Listened to this last night. Just a couple of quick comments now, maybe more this evening.
  • The latching effect (cannot recall what Dr. Davis calls it) is really interesting. Akin to having fallen down a well and all would be fine if only your physiology could climb back out of it again. But it is impossible without the right kind of help. The BPS brigade have themselves latched onto this characteristic, presuming that such a latching effect must be all in the head, because they cannot see past their own noses.

  • The notion that "pushing through" adversities could be what proves the tipping point for people's energy management mechanisms, and maybe pushing them erroneously into this damage-limitation mode. Interestingly - could this be why women are statistically more likely to suffer from ME? Whether us fellahs like the idea or not, I bet that - though there will be plenty of exceptions to the rule - statistically there will be more women than men who habitually push themselves hard to get through infections, whilst looking after the kids, getting them to school ... and in many cases still looking after their man too! What a real irony that would be for the BPS brigade: That the very thing triggering and perpetuating ME/CFS, is because people do not have false illness beliefs, and are determined to not let it beat them! And so GET actually enforces a "GET Sicker" regime, thanks to a little knowledge (and lots of arrogance) being a dangerous thing.

    I think this aspect needs feeding into the NICE guidance revisions quite urgently, especially regarding GET.
Just a few "idle thoughts" for the moment :).

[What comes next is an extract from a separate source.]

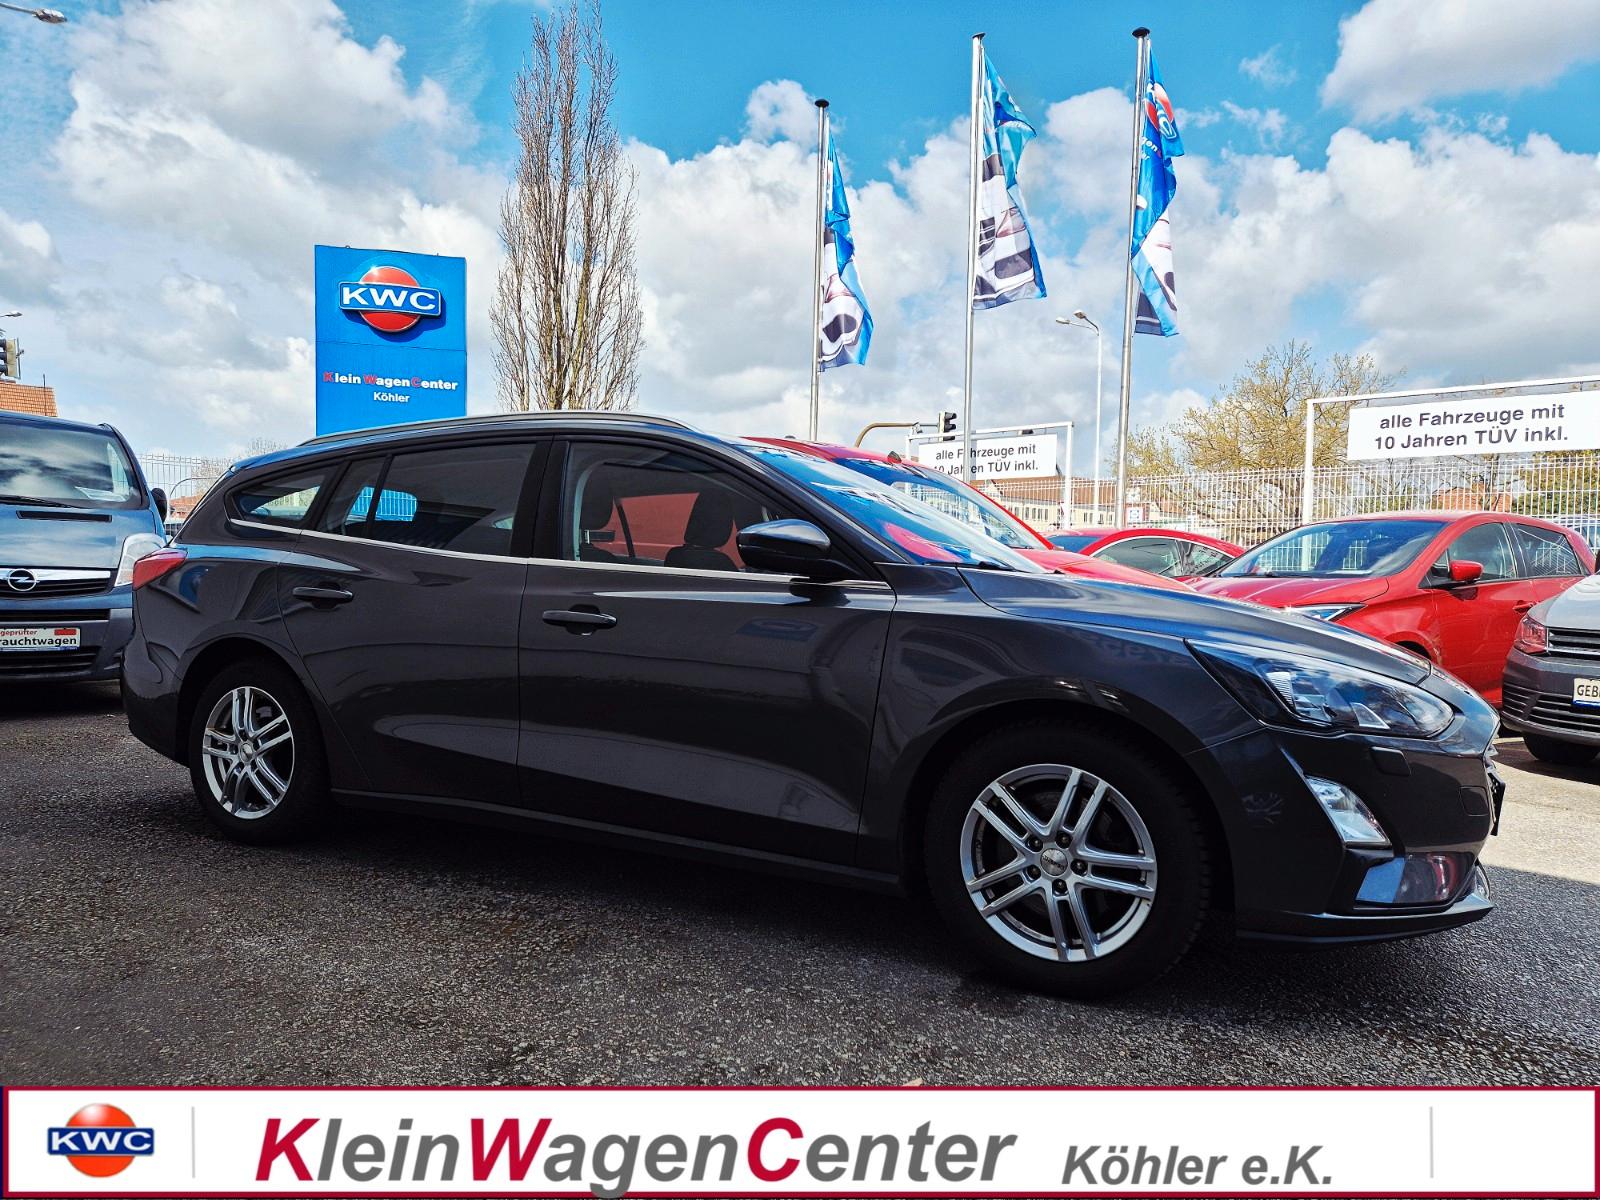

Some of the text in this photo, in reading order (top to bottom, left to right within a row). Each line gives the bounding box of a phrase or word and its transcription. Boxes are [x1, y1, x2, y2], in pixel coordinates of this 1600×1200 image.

I am a woman who did precisely that! (mega pushing through) after finding herself unexpectedly as a single parent to three young children. And I have often had the same thought. I have hesitated to say it not wanting to appear to be stereotyping! But I do think culturally women are programmed to be self sacrificing. These things go very deep and we learn them earlier on.
And of course when I went to the doctor with a body that didn't work anymore the male doctor considered the most likely explanation was that it was an emotional reaction to my situation. So I pushed on even harder. And 24 years later I'm still here knowing that I was given all the wrong advice at the start and badly wanting todays young women not to fall into the same trap.
So all in all I think there's a lot in that plus the fact that female immune system is seem to operate differently.
 
Messages
87
I love the idea of a switch and a treatment already available too! I have very very little understanding of even basic biology and although I try to follow the thoughts on here mostly I am completely head under water. Can any one help me comprehend why- if it were a switch that people are affected so differently and that the symptoms fluctuate within a person. eg My son wakes up feeling awful- takes 1 or 2 hours to thaw or warm up (not sure which) whilst remaining horizontal, walks holding the walls, then later in the evening can run up the stairs. Can it be like a dimmer switch rather than an on/off?
 

keenly

Senior Member
Messages
817
Location
UK
This is exactly how mTOR activators have affected me as well. The best health I've been in in a while but still limited. PEM greatly reduced. Leucine actually upregulates mTOR.
What dose of Leucine do you use? I am about to order some, I think a lot of use could benefit from it.